Adjusting my mind

I ‘ve spent a good couple of months trying to get my head around what normality is, now.

First, there was the sudden jump to being able to do things. Now, I want to be clear here – the barrier to me doing things was physical capability, nothing to do with what I thought I could do. In fact, I was constantly doing far more than I was physically capable of, hence all the crashing; I was always pushing it. But the best solution to, if not recovery then stability, is to not overdo it, so I’d been steadily trying to pace myself. Suddenly having that taken away… well, it was amazingly freeing, and at the same time just bizarre. It still feels bizarre. I suppose the best analogy I can think of is that prisoners might have the same reaction, having been locked up for so long and then suddenly able to walk free?

In any case, I had to fight with myself not to freak out when I had something to do every day of the week. I’m busy in the morning, and I need to do something in the afternoon, I can actually do both. Yes, I need time for rest, and adequate sleep, but not to the extent of not being able to schedule more than one thing a day. And boy, is that scary.

Just the number of hours in the day is something strange to me too… Around the time I got better, my general day schedule had me getting up around 3 or 4pm, and going to bed at around 11 or 12pm. That works out at about 8 hours of ‘up time’, in which I could manage a couple of light things like browsing the internet or watching a DVD, or a short amount of something ‘strenuous’ like crochet if I was especially well. The exact times and activities varied from day to day, but that’s generally what it came down to: 8 hours, one activity a day.

Suddenly, I can get up at 8am and go to bed at 11pm, no problem. That’s almost doubled the amount of time I have, not to mention how much more capable I am during those hours. Yet, I still thought of my day as that 8 hour block, and it’s really hard to get used to having more time than that. I feel physically, after around 8 hours, like that’s my day done – even though I’m not tired – which has resulted in things like coming home from work at 5pm and feeling like I’ve used the whole day up. Whole day? I’ve another 5 or 6 hours, that’s practically a whole other day still to go!

I’ve resorted to counting, physically, how many hours I have left before bed time, since I can’t trust that sense of time right now.

In fact, working out how to fill that time has been kinda strange too. What do I want to do? I feel like I have no time, but I have loads so I don’t plan for it and then end up thinking what do I do now? I don’t want to plan things in the evening because they take up a whole evening… but they really don’t, when it comes down to it!

Then there’s dealing with normal fatigue, normal illness. Is this a relapse? Am I getting worse? Or is this just something people just deal with anyway? I have no notion of what ‘normal’ is, any more – but fortunately quite a few people who I can double check with.

A strange juxtaposition assaulted me, too: The thought of the endless days of nothingness stretching into the future was one of the more terrifying things about being ill, but now that has been mirrored with the endless days of having to do things.
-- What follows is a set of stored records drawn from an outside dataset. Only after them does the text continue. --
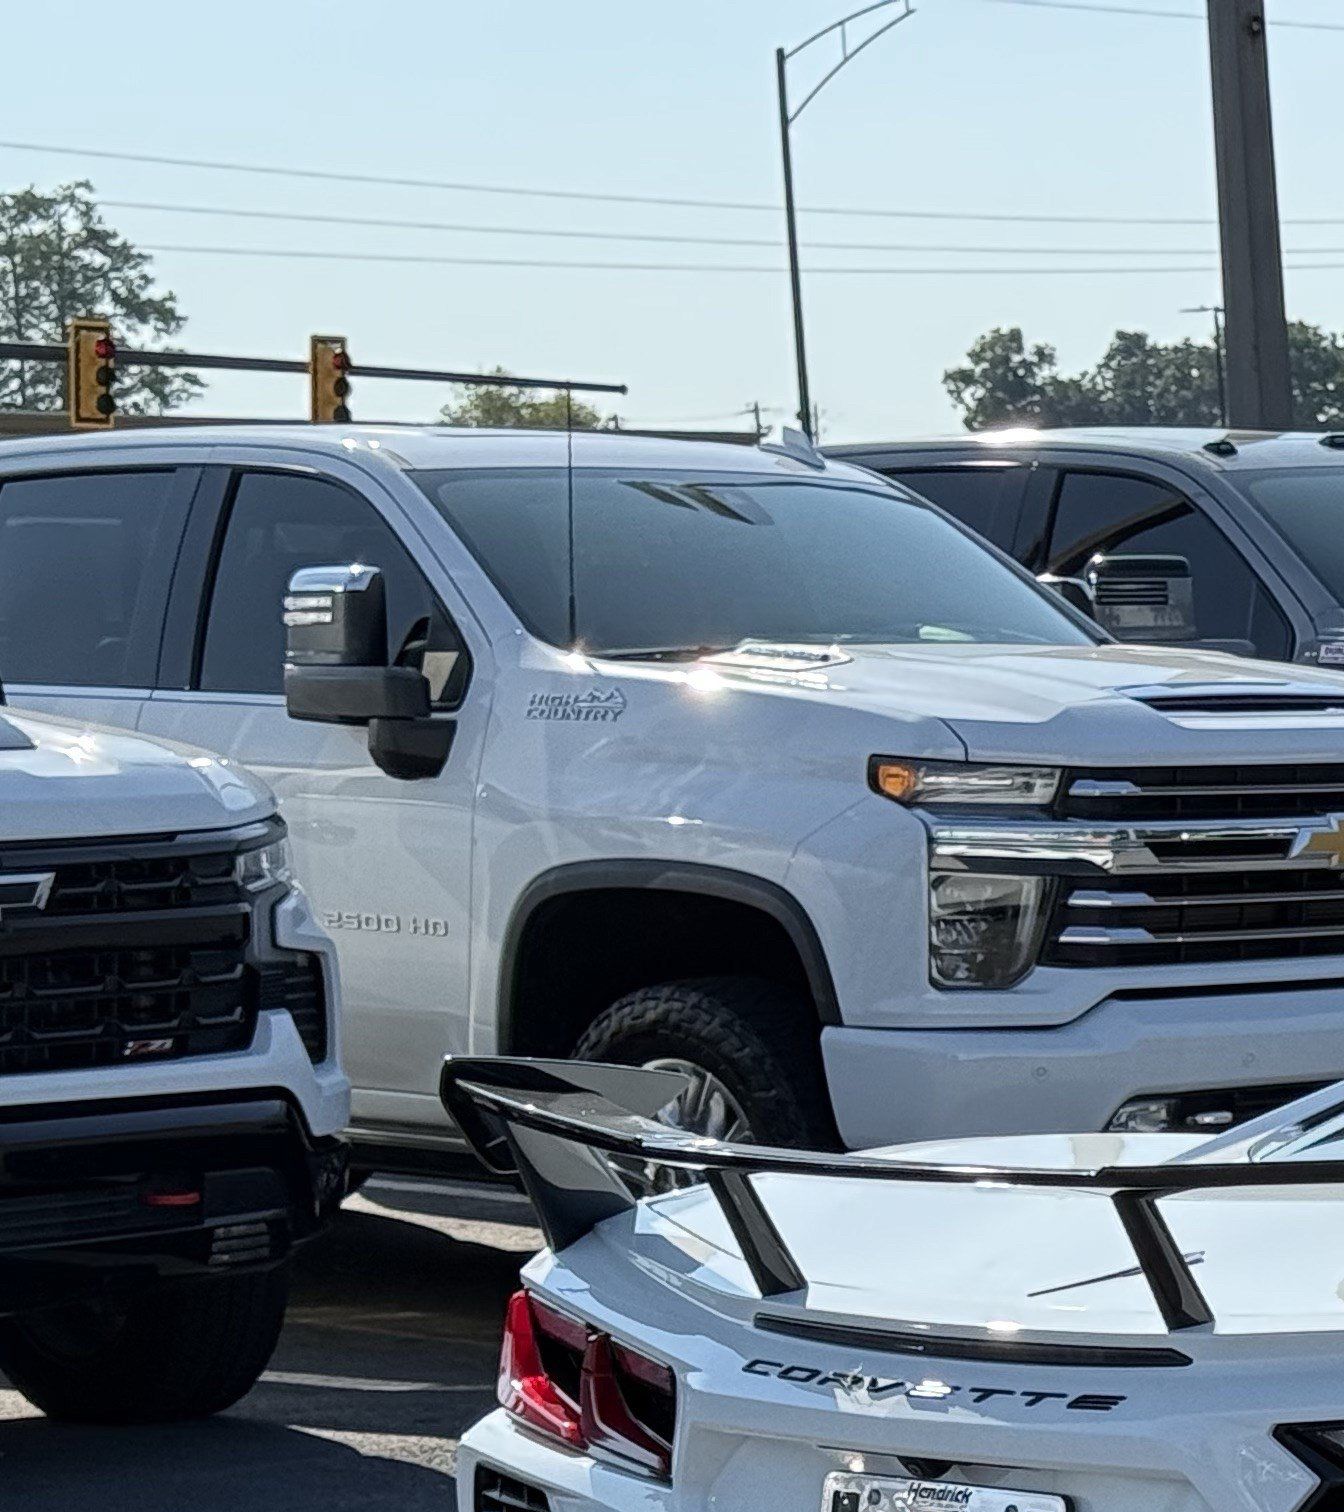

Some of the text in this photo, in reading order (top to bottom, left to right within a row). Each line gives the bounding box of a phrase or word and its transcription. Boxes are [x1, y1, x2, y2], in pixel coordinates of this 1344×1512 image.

[530, 693, 580, 706] HIGH
[525, 707, 624, 722] COUNTRY
[322, 911, 449, 937] 2500 HD
[741, 1357, 1128, 1412] CORVETTE
[908, 1482, 974, 1505] Hendrick
I jumped between “I have nothing to do, how do I cope?!” and “I have too much to do, how do I cope?!”. I think it was a general fear of the future, thousands (hopefully) of unknown and unexpected happenings weighing down on my shoulders, and I have to deal with all of it. It felt too much to bear, all those days. It still does if I focus on them… but that’s not how we live. We don’t deal with a lifetime in one second, we take it day by day, and forcing my mind to focus just on today has been a great struggle. I’m sure I dealt with it fine before, but then before, I thought I knew the future (for some reason), even vaguely.

And lastly, twinned with that, is the great unknown of what do I do now? I still don’t know, but prayerfully dealing with it a day at a time seems the way forward for that, too. By that I don’t mean not thinking about the future, I mean accepting that all I can effect is what I’m doing right now, and just dealing with that. If I need to plan or prepare for tomorrow, or next week, or next year, then I will – but I can’t afford to worry about it. There’s far too much to potentially worry about in my life for me to do all that worrying in this second! Or, ever!
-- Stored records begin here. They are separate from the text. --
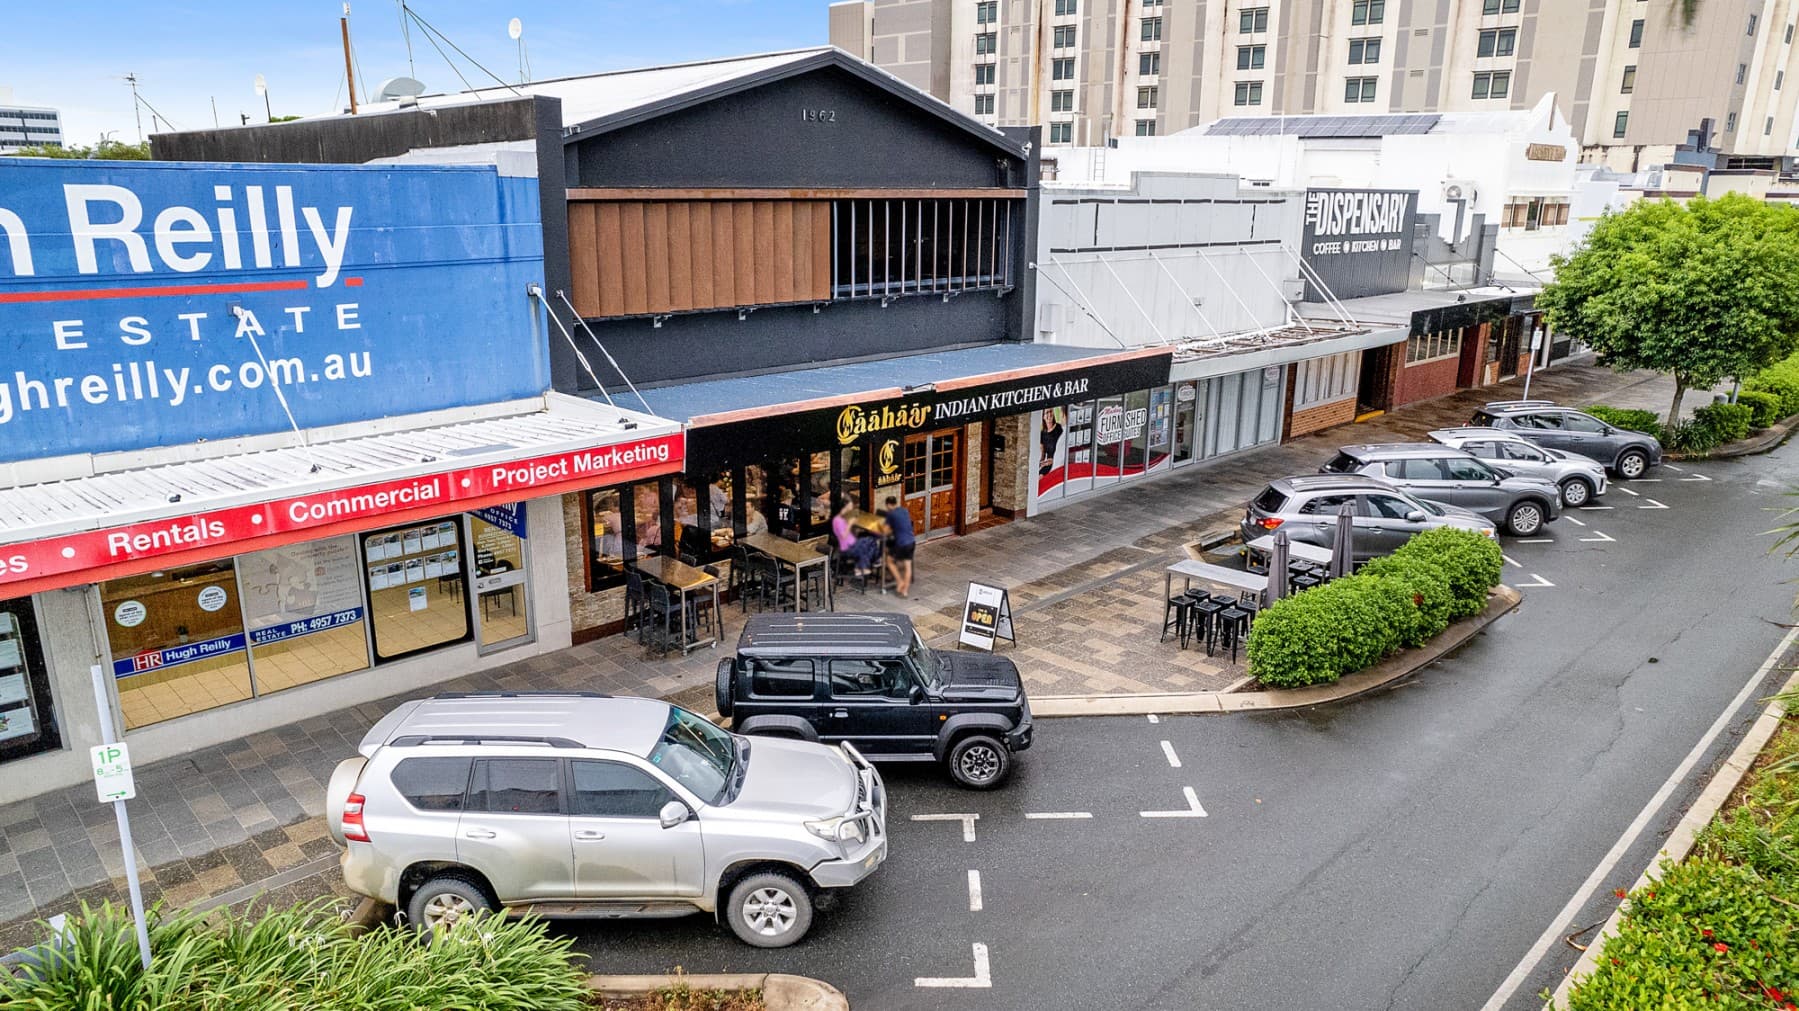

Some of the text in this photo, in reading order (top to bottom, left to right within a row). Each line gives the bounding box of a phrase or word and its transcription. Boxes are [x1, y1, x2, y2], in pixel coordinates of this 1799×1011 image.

[803, 109, 836, 122] 1962
[1305, 192, 1319, 226] THE
[1315, 192, 1409, 236] DISPENSARY
[63, 184, 353, 288] Reilly
[1313, 239, 1402, 255] COFFEE KITCHEN BAR
[53, 303, 361, 350] ESTATE
[935, 396, 988, 419] INDIAN
[990, 384, 1052, 410] KITCHEN
[1053, 382, 1063, 398] &
[1064, 378, 1089, 394] BAR
[1101, 409, 1146, 433] FURNSHED
[107, 518, 225, 556] Rentals
[289, 478, 440, 524] Commercial
[492, 461, 569, 488] Project
[574, 442, 669, 474] Marketing
[255, 628, 278, 637] REAL
[290, 610, 357, 635] PH: 4957 7373
[256, 631, 286, 643] ESTATE
[136, 639, 232, 670] HR Hugh Reilly
[98, 749, 121, 764] 1P
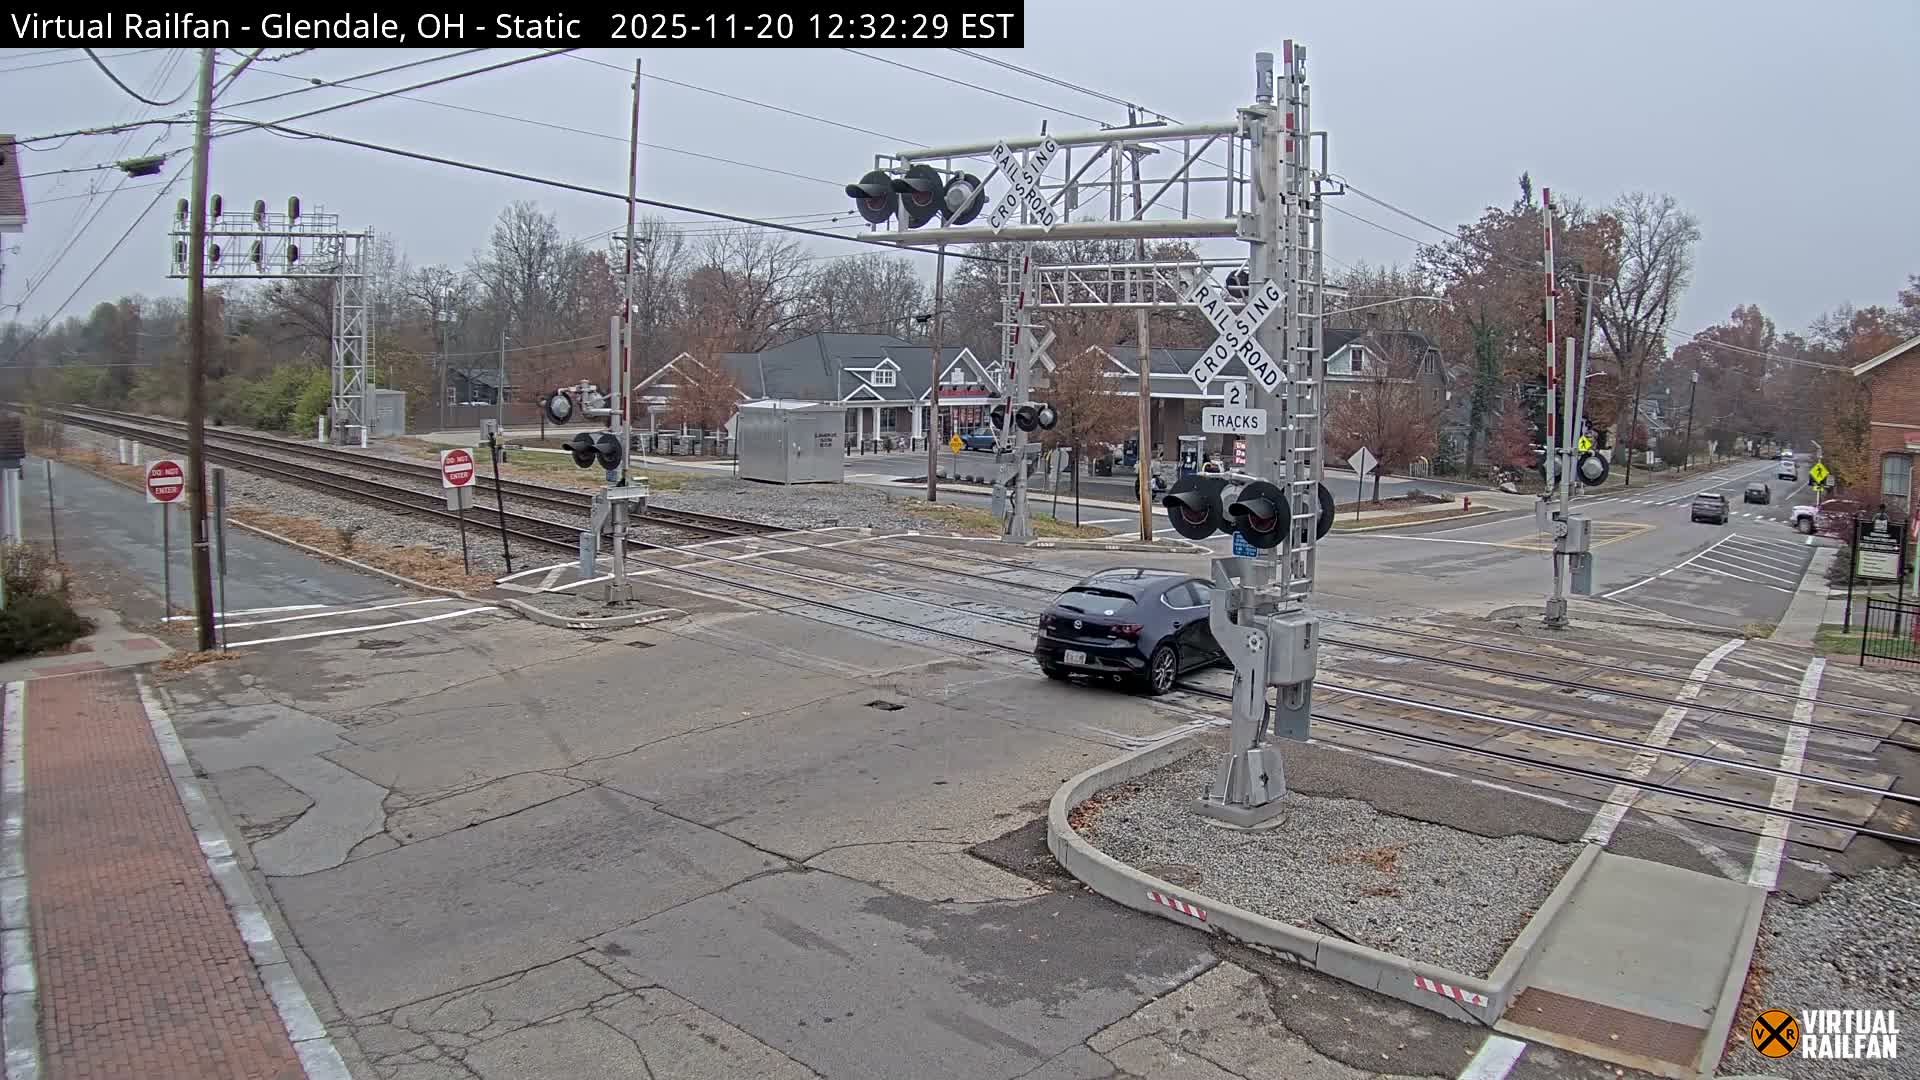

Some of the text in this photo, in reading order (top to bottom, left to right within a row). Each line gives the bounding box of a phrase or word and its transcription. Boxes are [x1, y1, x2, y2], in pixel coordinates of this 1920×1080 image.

[990, 140, 1055, 228] CROSSING
[1194, 286, 1280, 383] CROSSING
[1230, 387, 1240, 404] 2
[1210, 414, 1258, 429] TRACKS
[450, 472, 469, 480] ENTER
[155, 487, 177, 495] ENTER
2 responses to “Adjusting my mind

  1. I love that you are writing about the acclamation into the “real” world. Most blogs kind of go quiet after people get better, so you just have to assume they’re off living the life. Your writing has helped me to realize that I don’t just need to think about “when I’m better”, I need to think about the transition into better. For example… how will I go from having no real significant structure to my day, to structure? How will I get used to doing more in a day than I used to do in WEEKS without feeling overwhelmed? It never really has occurred to me to think about it until now!

    • Yeah, I really didn’t think about this stuff either and it can be really hard to get used to – hopefully it is comforting then if you struggle to go through the sudden change to know that you’re not alone! I’ve connected to a couple of other people who have recovered suddenly and they’ve had the same kind of experience trying to adjust, but I would expect that recovering over a long period of time wouldn’t have quite the same issues here either (though no doubt that has its own set of ‘interesting’ issues to content with).
      Thanks so much for your feedback on this subject as a whole, too!